REQUIRED WORK:
Copy each line below word for word and drop every image.

EXERCISE DATA:
== Segment start ==

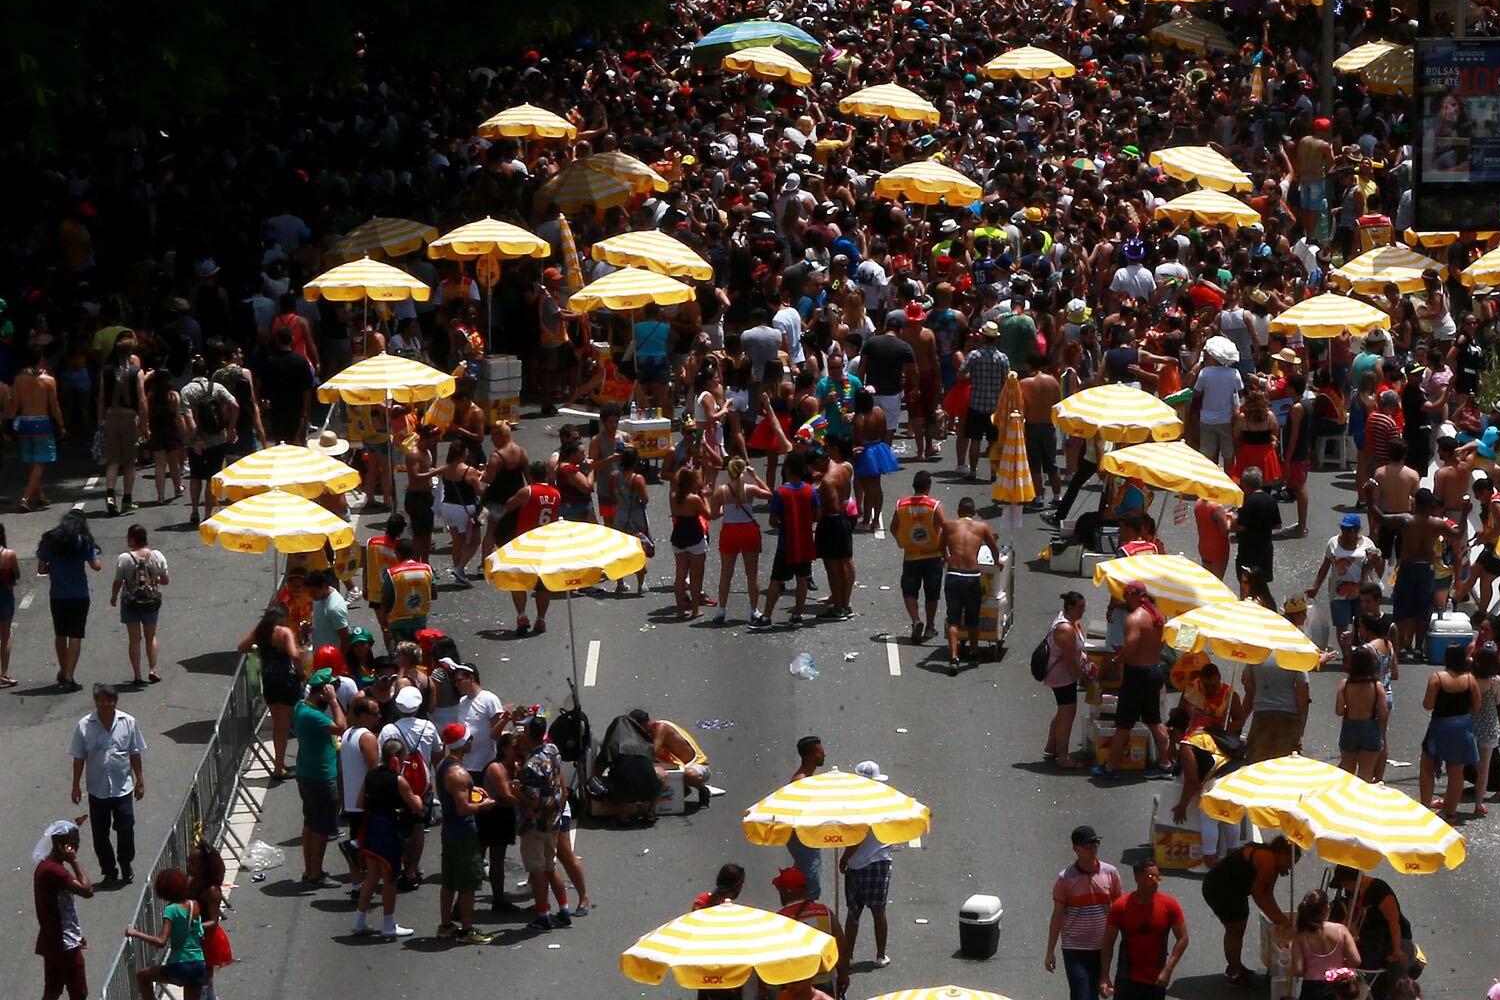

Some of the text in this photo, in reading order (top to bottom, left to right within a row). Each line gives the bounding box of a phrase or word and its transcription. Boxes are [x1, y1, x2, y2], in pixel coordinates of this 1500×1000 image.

[1425, 66, 1460, 76] BOLSAS
[1431, 76, 1460, 86] DE ATÉ
[975, 269, 985, 283] 15
[538, 508, 553, 525] 6
[702, 976, 723, 984] SKOL

== Segment end ==

SOLUTION TO THE EXERCISE:
Some of the text in this photo, in reading order (top to bottom, left to right within a row). Each line gives the bounding box of a phrase or word and its transcription. Boxes are [x1, y1, x2, y2], in pixel coordinates of this 1500×1000 image.

[1425, 66, 1460, 76] BOLSAS
[1431, 76, 1460, 86] DE ATÉ
[975, 269, 985, 283] 15
[538, 508, 553, 525] 6
[702, 976, 723, 984] SKOL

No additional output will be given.